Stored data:
++++++
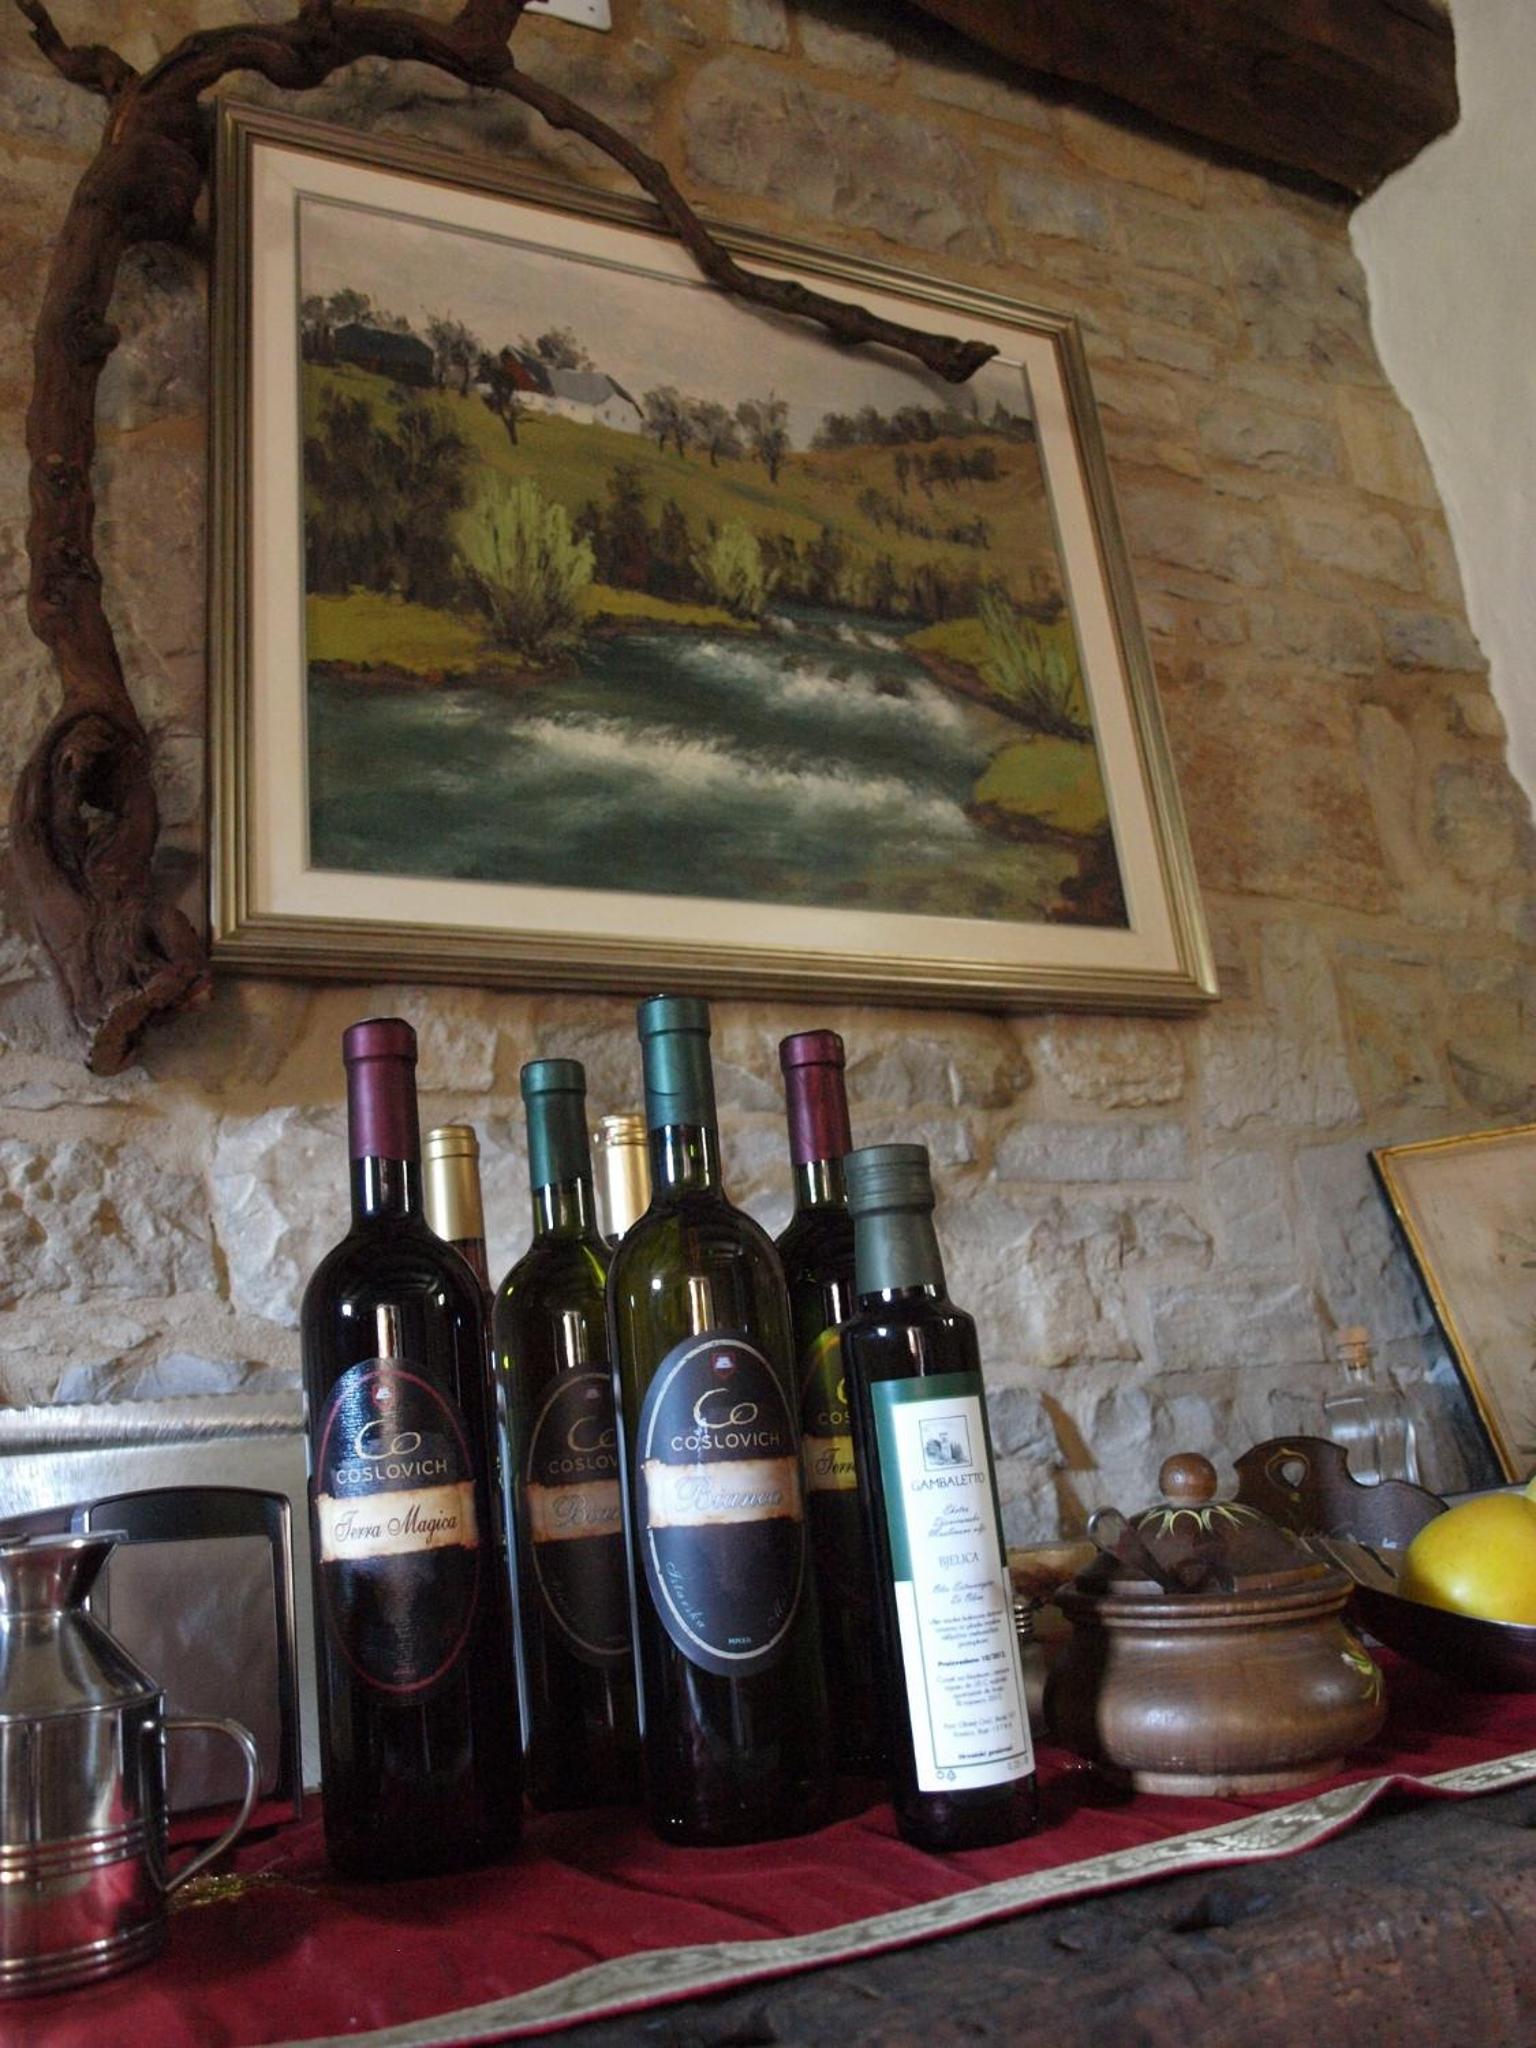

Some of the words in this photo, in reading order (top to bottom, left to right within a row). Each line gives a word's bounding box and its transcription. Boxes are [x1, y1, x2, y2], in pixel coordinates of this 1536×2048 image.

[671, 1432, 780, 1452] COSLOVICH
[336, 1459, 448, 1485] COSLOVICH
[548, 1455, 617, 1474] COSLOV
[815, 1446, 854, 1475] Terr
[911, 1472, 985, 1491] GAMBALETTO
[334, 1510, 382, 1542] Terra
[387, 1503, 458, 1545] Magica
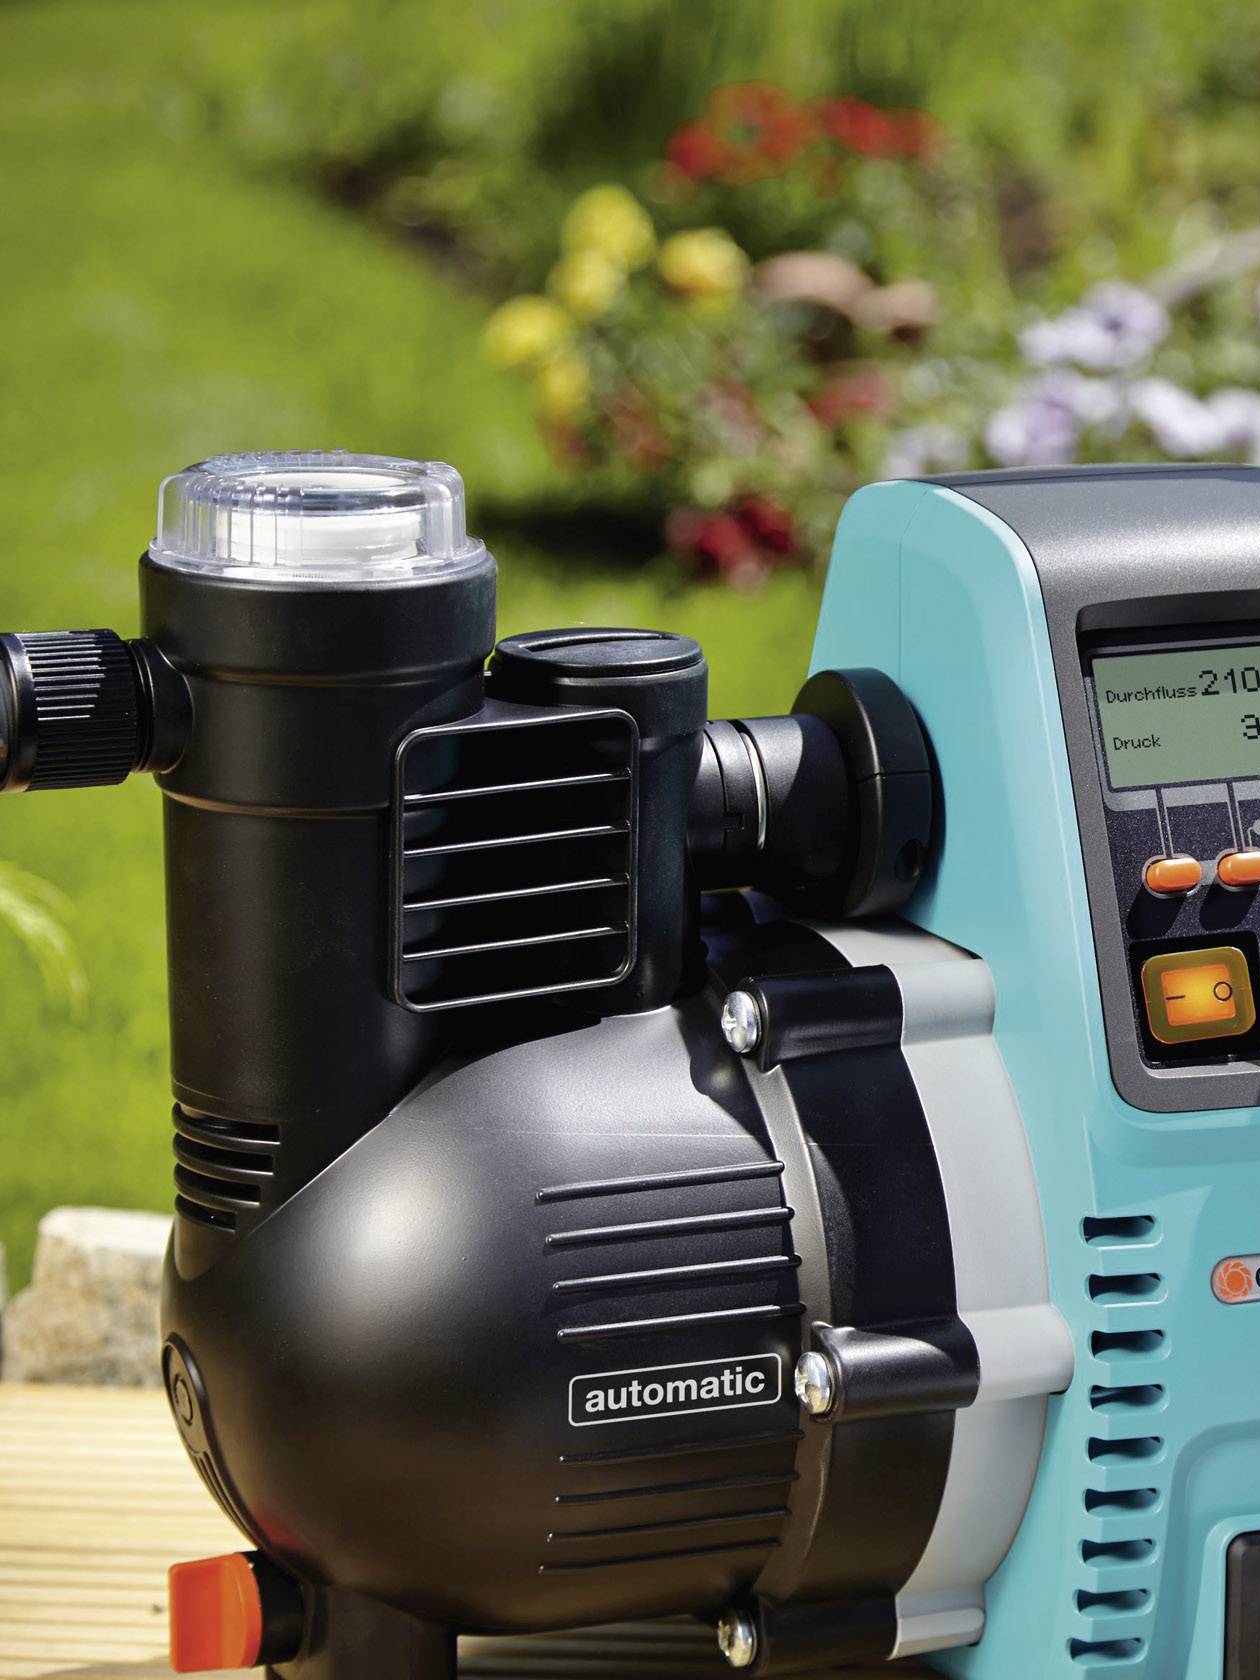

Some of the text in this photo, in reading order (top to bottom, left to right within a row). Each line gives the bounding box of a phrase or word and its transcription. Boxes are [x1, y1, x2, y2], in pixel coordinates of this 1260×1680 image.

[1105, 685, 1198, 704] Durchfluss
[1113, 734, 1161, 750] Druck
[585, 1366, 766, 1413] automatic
++++++
Each record should be copied exactly, and each image left out.

Some of the words in this photo, in reading order (top to bottom, left to right within a row). Each line gives a word's bounding box and its transcription. Boxes are [x1, y1, x2, y2], in pixel coordinates of this 1536×2048 image.

[671, 1432, 780, 1452] COSLOVICH
[336, 1459, 448, 1485] COSLOVICH
[548, 1455, 617, 1474] COSLOV
[815, 1446, 854, 1475] Terr
[911, 1472, 985, 1491] GAMBALETTO
[334, 1510, 382, 1542] Terra
[387, 1503, 458, 1545] Magica

Some of the text in this photo, in reading order (top to bottom, left to right within a row). Each line gives the bounding box of a phrase or word and its transcription. Boxes are [x1, y1, x2, y2], in pixel coordinates of this 1260×1680 image.

[1105, 685, 1198, 704] Durchfluss
[1113, 734, 1161, 750] Druck
[585, 1366, 766, 1413] automatic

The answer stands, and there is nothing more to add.